Transcribe the records below exactly as they appear, omitting any pictures.
START INPUT RECORDS
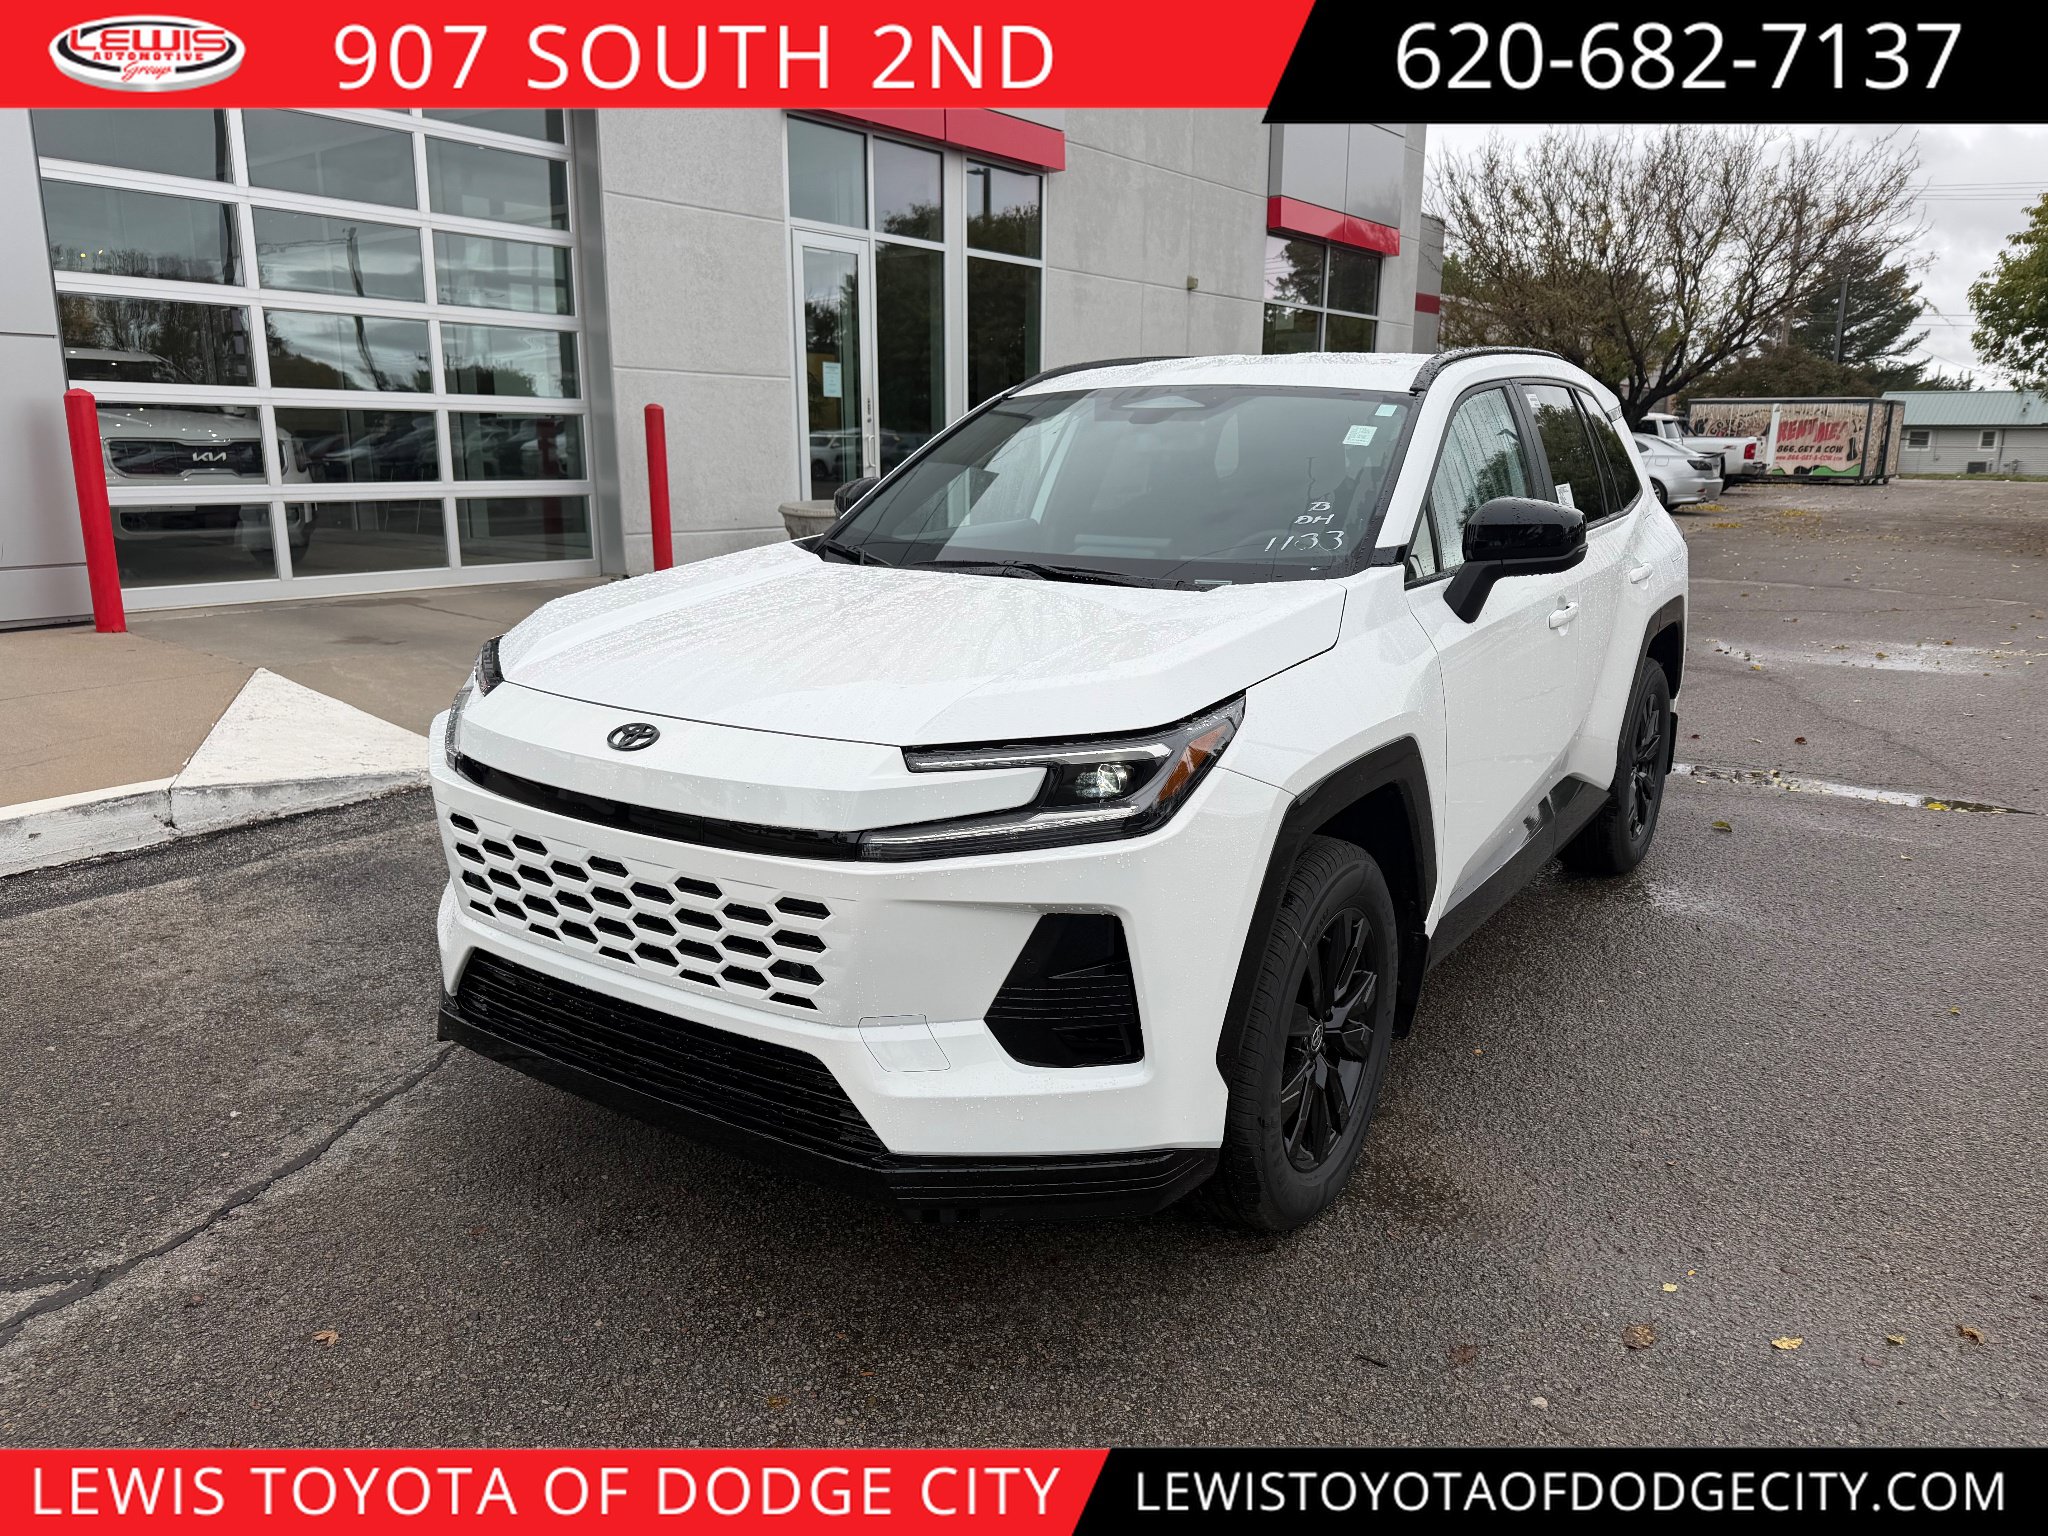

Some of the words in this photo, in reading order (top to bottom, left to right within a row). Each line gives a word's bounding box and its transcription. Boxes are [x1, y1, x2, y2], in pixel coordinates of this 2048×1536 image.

[1777, 417, 1819, 443] RENT
[192, 451, 227, 462] KIA
[1824, 445, 1844, 453] COW
[1265, 531, 1345, 552] 1133
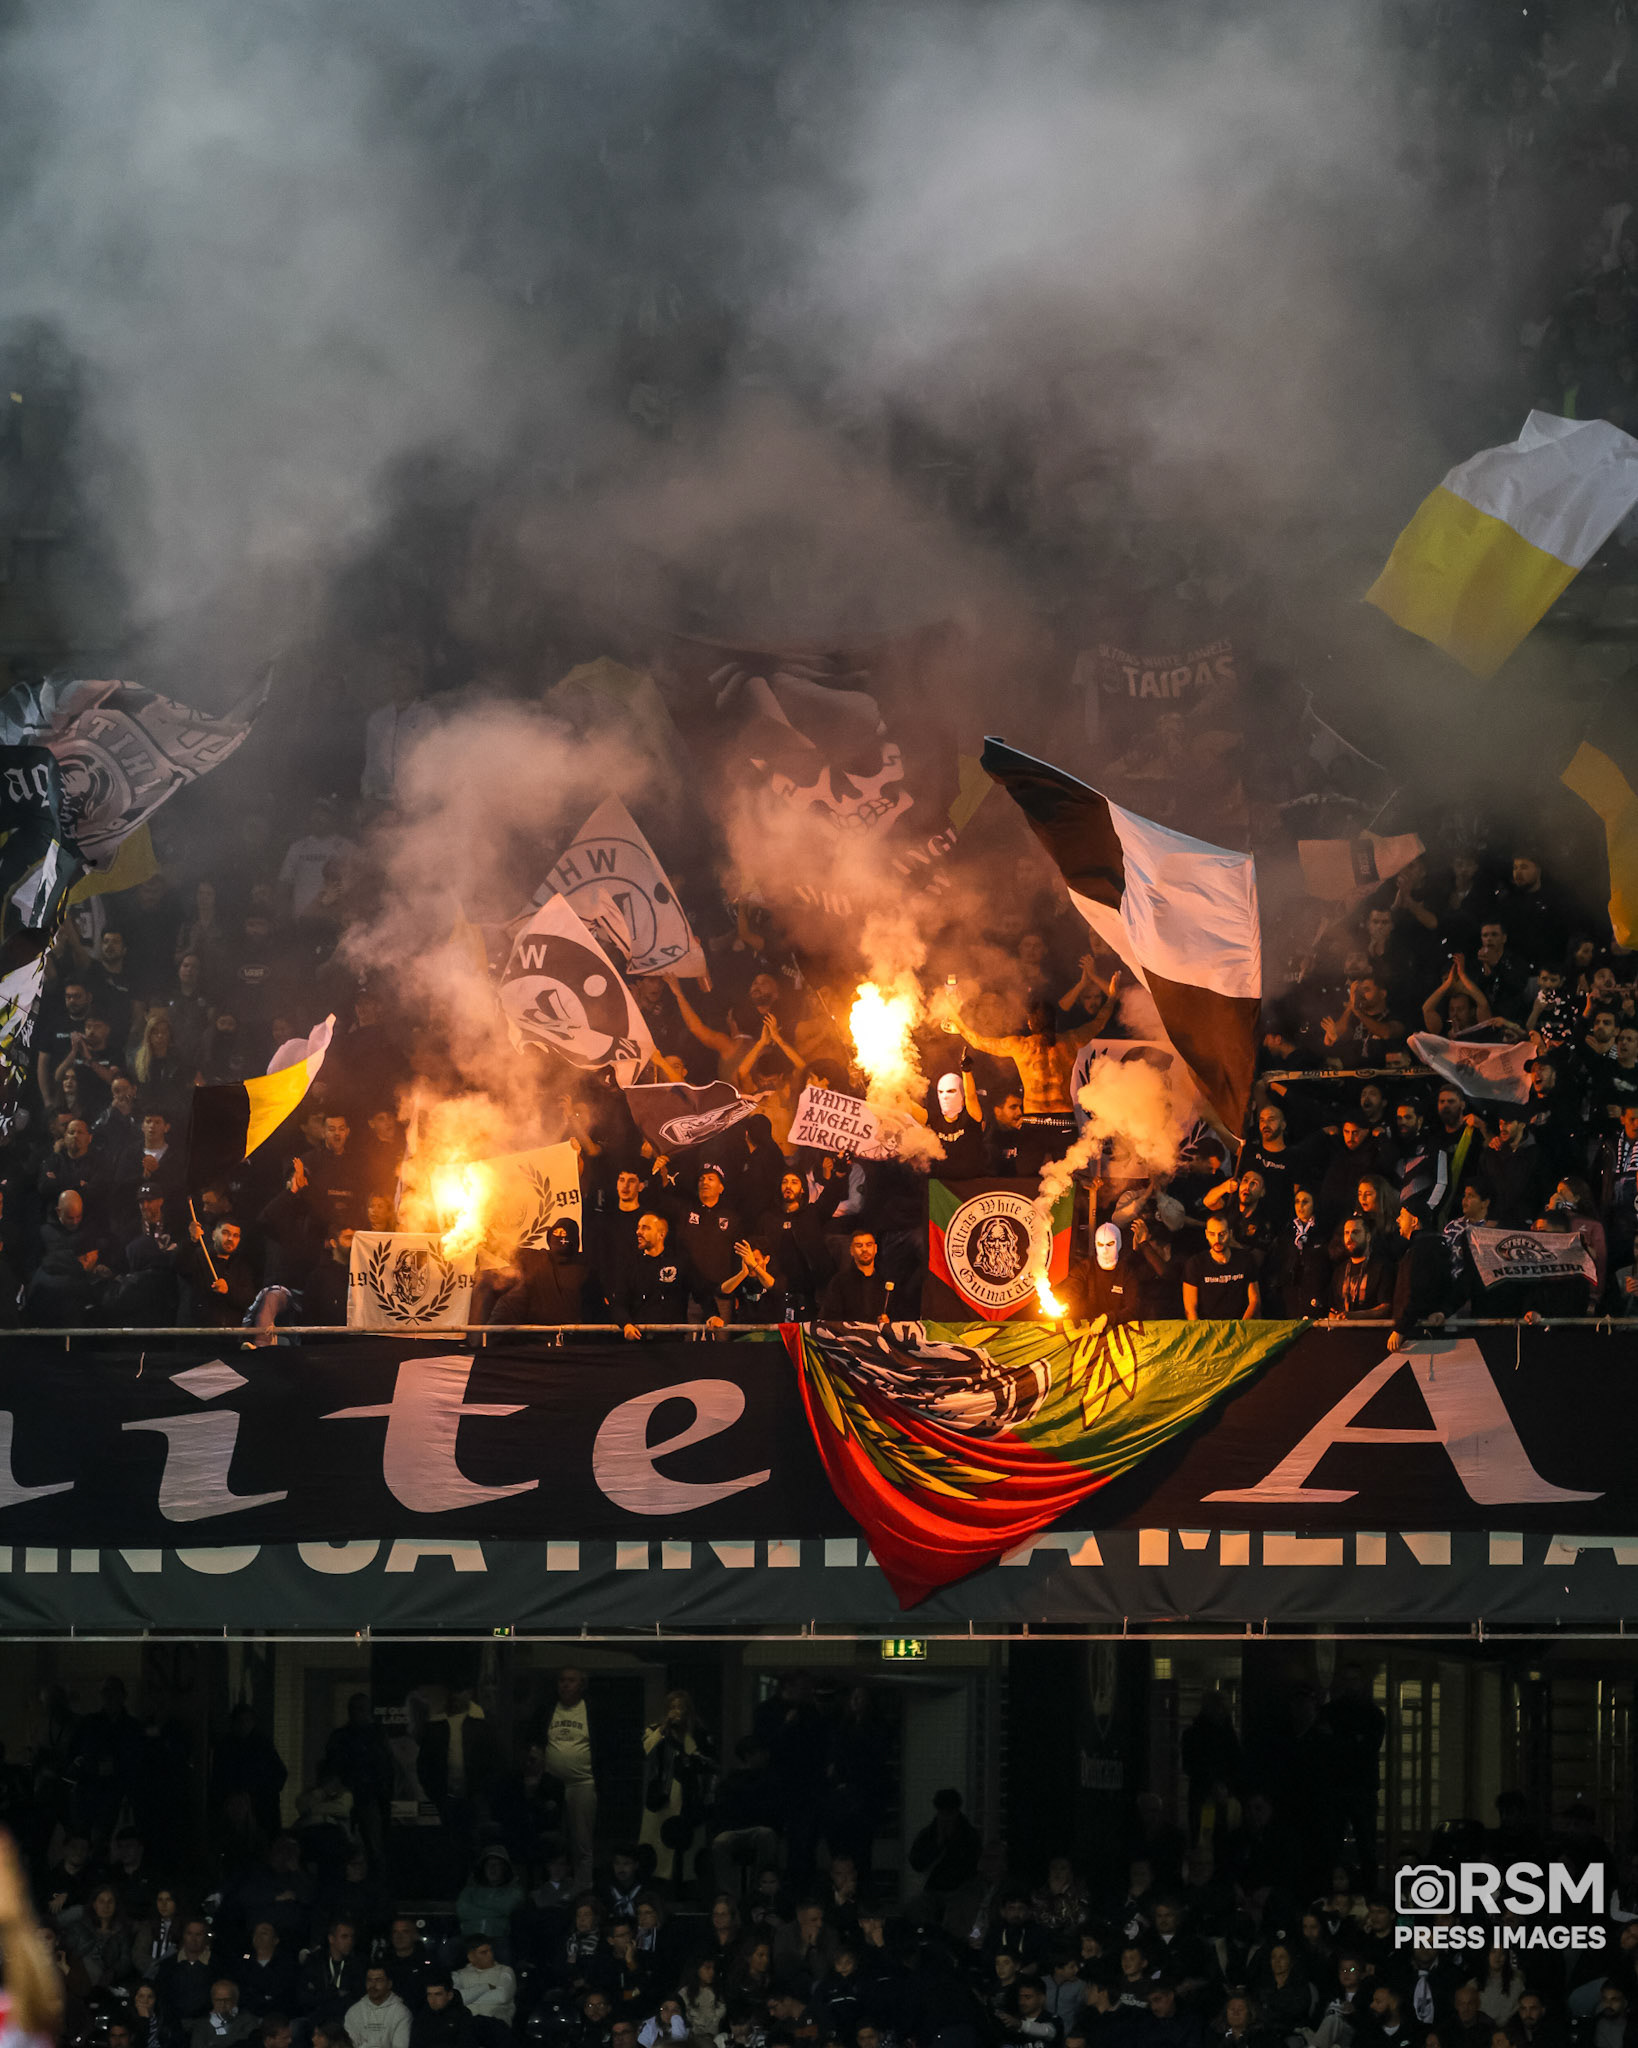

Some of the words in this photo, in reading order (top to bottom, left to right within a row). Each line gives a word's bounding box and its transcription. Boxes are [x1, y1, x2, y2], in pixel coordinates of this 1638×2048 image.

[1122, 655, 1236, 697] TAIPAS
[808, 1087, 862, 1118] WHITE
[797, 1123, 861, 1153] ZÜRICH
[802, 1107, 873, 1140] ANGELS
[979, 1199, 1021, 1215] White
[1492, 1263, 1586, 1278] NESPEREIRA
[1200, 1338, 1606, 1505] A
END INPUT RECORDS
EXERCISE ANSWER —
Some of the words in this photo, in reading order (top to bottom, left to right within a row). Each line gives a word's bounding box and its transcription. Boxes are [x1, y1, x2, y2], in pixel coordinates of this 2048×1536 image.

[1777, 417, 1819, 443] RENT
[192, 451, 227, 462] KIA
[1824, 445, 1844, 453] COW
[1265, 531, 1345, 552] 1133

Some of the words in this photo, in reading order (top to bottom, left to right within a row). Each line gives a word's bounding box and its transcription. Boxes are [x1, y1, x2, y2], in pixel coordinates of this 1638×2048 image.

[1122, 655, 1236, 697] TAIPAS
[808, 1087, 862, 1118] WHITE
[797, 1123, 861, 1153] ZÜRICH
[802, 1107, 873, 1140] ANGELS
[979, 1199, 1021, 1215] White
[1492, 1263, 1586, 1278] NESPEREIRA
[1200, 1338, 1606, 1505] A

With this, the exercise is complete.